A: Differentiating nonalcoholic steatohepatitis (NASH) from simple steatosis is crucial for determining prognosis and treatment strategies in patients with nonalcoholic fatty liver disease (NAFLD). While liver biopsy remains the gold standard, several non-invasive tests are emerging as valuable tools. These include serum biomarkers such as the Enhanced Liver Fibrosis (ELF) test and the FIB-4 index, which can assess the degree of liver fibrosis. Imaging modalities like transient elastography (FibroScan) and magnetic resonance elastography (MRE) can also non-invasively evaluate liver stiffness, correlating with fibrosis stage. Furthermore, novel serum markers targeting NASH-specific pathways, like CK-18 fragments, are being investigated. Combining these non-invasive tests can enhance diagnostic accuracy, minimizing the need for biopsy in many cases. Consider implementing a multi-modal approach using a combination of serum biomarkers and imaging studies for improved risk stratification. Explore how these diagnostic tools can be integrated into your clinical practice for more efficient and patient-friendly NASH diagnosis.

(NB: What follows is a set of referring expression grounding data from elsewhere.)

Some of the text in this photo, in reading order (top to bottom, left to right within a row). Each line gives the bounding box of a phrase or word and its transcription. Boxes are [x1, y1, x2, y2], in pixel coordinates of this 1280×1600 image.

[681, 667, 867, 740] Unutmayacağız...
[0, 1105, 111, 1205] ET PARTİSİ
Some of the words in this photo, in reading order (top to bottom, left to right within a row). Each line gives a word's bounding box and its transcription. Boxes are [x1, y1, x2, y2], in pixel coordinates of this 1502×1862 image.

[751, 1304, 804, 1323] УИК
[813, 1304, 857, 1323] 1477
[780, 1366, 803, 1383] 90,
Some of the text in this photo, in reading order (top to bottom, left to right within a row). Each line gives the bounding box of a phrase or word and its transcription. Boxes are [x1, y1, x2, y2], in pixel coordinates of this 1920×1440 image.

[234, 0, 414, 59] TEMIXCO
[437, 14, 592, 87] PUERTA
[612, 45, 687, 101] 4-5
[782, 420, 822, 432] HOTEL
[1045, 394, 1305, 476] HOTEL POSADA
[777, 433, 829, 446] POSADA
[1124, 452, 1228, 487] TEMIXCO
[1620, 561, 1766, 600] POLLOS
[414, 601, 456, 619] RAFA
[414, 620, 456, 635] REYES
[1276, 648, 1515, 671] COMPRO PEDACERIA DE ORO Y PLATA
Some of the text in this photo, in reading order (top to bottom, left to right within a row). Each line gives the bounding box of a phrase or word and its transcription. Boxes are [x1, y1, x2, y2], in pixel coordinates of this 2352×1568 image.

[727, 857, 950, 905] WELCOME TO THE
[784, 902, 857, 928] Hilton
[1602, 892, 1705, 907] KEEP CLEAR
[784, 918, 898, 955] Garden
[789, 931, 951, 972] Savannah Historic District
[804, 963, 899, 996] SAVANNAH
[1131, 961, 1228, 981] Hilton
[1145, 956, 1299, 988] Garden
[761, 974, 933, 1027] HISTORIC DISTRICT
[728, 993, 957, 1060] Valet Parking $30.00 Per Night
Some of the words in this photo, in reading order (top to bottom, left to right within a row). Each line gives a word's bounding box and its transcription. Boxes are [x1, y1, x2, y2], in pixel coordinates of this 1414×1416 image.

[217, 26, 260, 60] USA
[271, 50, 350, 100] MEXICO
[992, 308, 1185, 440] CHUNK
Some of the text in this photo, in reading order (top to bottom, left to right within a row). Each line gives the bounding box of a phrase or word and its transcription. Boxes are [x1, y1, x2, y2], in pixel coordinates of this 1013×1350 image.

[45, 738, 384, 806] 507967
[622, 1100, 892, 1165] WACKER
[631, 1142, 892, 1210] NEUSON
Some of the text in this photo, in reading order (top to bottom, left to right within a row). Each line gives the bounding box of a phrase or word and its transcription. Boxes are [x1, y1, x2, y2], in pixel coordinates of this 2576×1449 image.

Q: How do I manage a patient with biopsy-proven NASH and significant fibrosis (stage 3 or 4) who also has type 2 diabetes and cardiovascular disease?
A: Managing a patient with biopsy-proven NASH, advanced fibrosis (stage 3 or 4), type 2 diabetes, and cardiovascular disease requires a multidisciplinary approach focused on mitigating both liver-related and cardiovascular risks. Prioritize optimizing glycemic control and managing cardiovascular risk factors such as hypertension and dyslipidemia according to established guidelines. Weight loss through lifestyle interventions (diet and exercise) is crucial for improving both NASH and metabolic health. Pharmacotherapy for NASH, such as GLP-1 receptor agonists like semaglutide and tirzepatide, may be beneficial in improving liver histology and fibrosis, while also addressing diabetes management. Given the advanced fibrosis, careful monitoring for complications like hepatocellular carcinoma (HCC) with regular ultrasound surveillance is essential. Consider a referral to a hepatologist for further evaluation and management of advanced fibrosis. Learn more about the latest clinical trials investigating novel therapies for NASH with advanced fibrosis to stay updated on emerging treatment options.
Patient presents with suspected steatohepatitis, evidenced by persistent elevation in liver enzymes (ALT, AST) and imaging findings suggestive of fatty liver disease. Symptoms include fatigue, right upper quadrant abdominal discomfort, and hepatomegaly on physical examination. Differential diagnosis includes nonalcoholic fatty liver disease (NAFLD), nonalcoholic steatohepatitis (NASH), alcoholic fatty liver disease (AFLD), and other causes of chronic liver disease. Patient reports a history of [Insert relevant patient history e.g., obesity, type 2 diabetes mellitus, dyslipidemia, alcohol use]. Laboratory results show elevated alanine aminotransferase (ALT), aspartate aminotransferase (AST), and potentially elevated gamma-glutamyl transferase (GGT) and alkaline phosphatase (ALP). Imaging studies such as ultrasound, CT scan, or MRI of the abdomen reveal hepatic steatosis. Liver biopsy may be considered for definitive diagnosis and to assess the degree of inflammation and fibrosis. Diagnosis of steatohepatitis is based on clinical presentation, laboratory findings, imaging results, and potentially histopathological examination. Treatment plan includes lifestyle modifications such as weight loss, dietary changes focusing on a healthy balanced diet, and increased physical activity. Pharmacological interventions may be considered depending on the underlying cause and severity of the disease. Patient education regarding disease management, potential complications including cirrhosis and hepatocellular carcinoma, and the importance of follow-up care is crucial. ICD-10 code K75.81 (other specified inflammatory liver diseases) or K70.0 (alcoholic fatty liver) may be appropriate depending on the etiology. CPT codes for relevant procedures, such as liver biopsy (47122) or abdominal imaging, should be documented accordingly. Follow-up appointment scheduled in [timeframe] to monitor disease progression and response to treatment.